Give back every entry exactly as it is written, but not the pictures.

> SOURCE INFORMATION:
[Start of section]
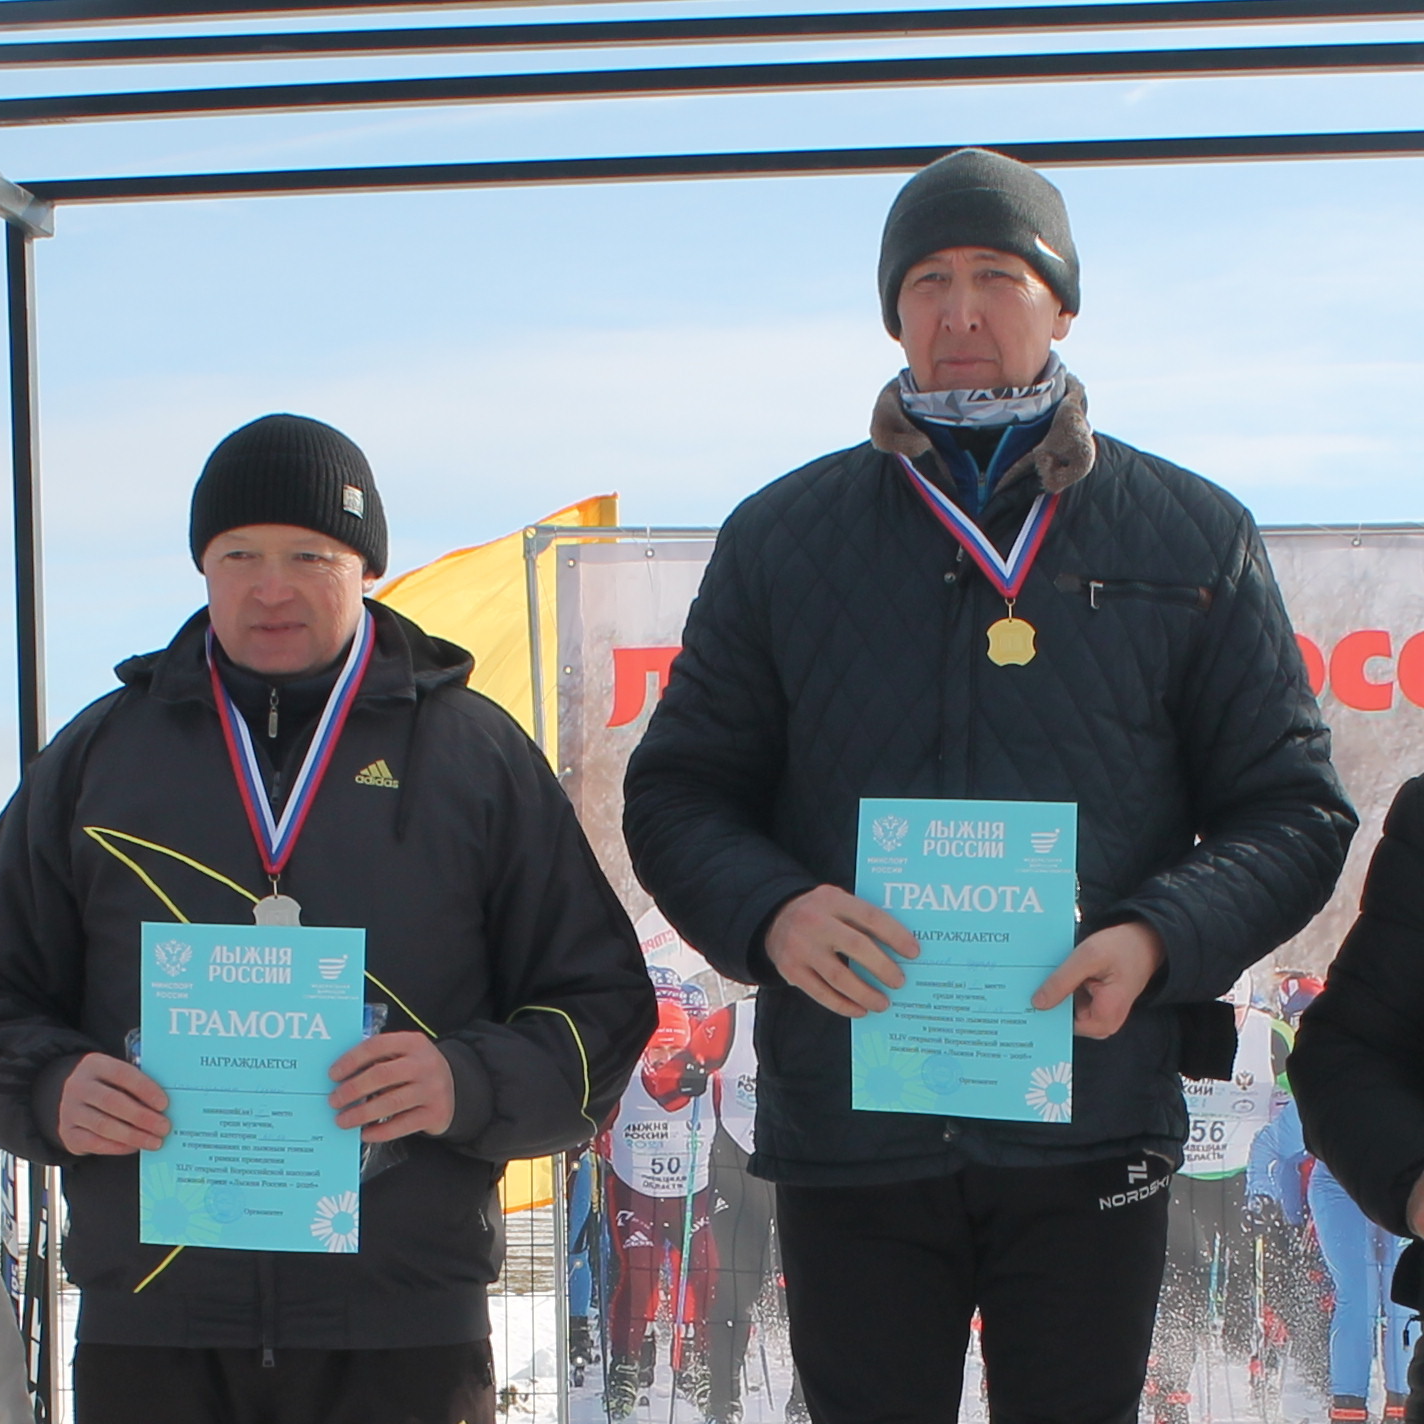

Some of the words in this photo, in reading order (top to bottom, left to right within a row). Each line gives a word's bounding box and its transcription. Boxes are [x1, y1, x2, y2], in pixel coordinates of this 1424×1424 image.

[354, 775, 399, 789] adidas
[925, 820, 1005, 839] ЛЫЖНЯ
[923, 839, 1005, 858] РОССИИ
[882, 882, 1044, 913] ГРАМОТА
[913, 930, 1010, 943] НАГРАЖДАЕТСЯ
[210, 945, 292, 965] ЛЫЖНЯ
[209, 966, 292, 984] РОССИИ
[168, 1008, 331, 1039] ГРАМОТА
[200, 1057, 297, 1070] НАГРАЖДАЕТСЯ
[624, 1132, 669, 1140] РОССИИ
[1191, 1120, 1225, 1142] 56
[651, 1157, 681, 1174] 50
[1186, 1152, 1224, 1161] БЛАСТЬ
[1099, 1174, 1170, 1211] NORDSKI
[End of section]
> PROBLEM SOLUTION:
Some of the words in this photo, in reading order (top to bottom, left to right within a row). Each line gives a word's bounding box and its transcription. Boxes are [x1, y1, x2, y2], in pixel coordinates of this 1424×1424 image.

[354, 775, 399, 789] adidas
[925, 820, 1005, 839] ЛЫЖНЯ
[923, 839, 1005, 858] РОССИИ
[882, 882, 1044, 913] ГРАМОТА
[913, 930, 1010, 943] НАГРАЖДАЕТСЯ
[210, 945, 292, 965] ЛЫЖНЯ
[209, 966, 292, 984] РОССИИ
[168, 1008, 331, 1039] ГРАМОТА
[200, 1057, 297, 1070] НАГРАЖДАЕТСЯ
[624, 1132, 669, 1140] РОССИИ
[1191, 1120, 1225, 1142] 56
[651, 1157, 681, 1174] 50
[1186, 1152, 1224, 1161] БЛАСТЬ
[1099, 1174, 1170, 1211] NORDSKI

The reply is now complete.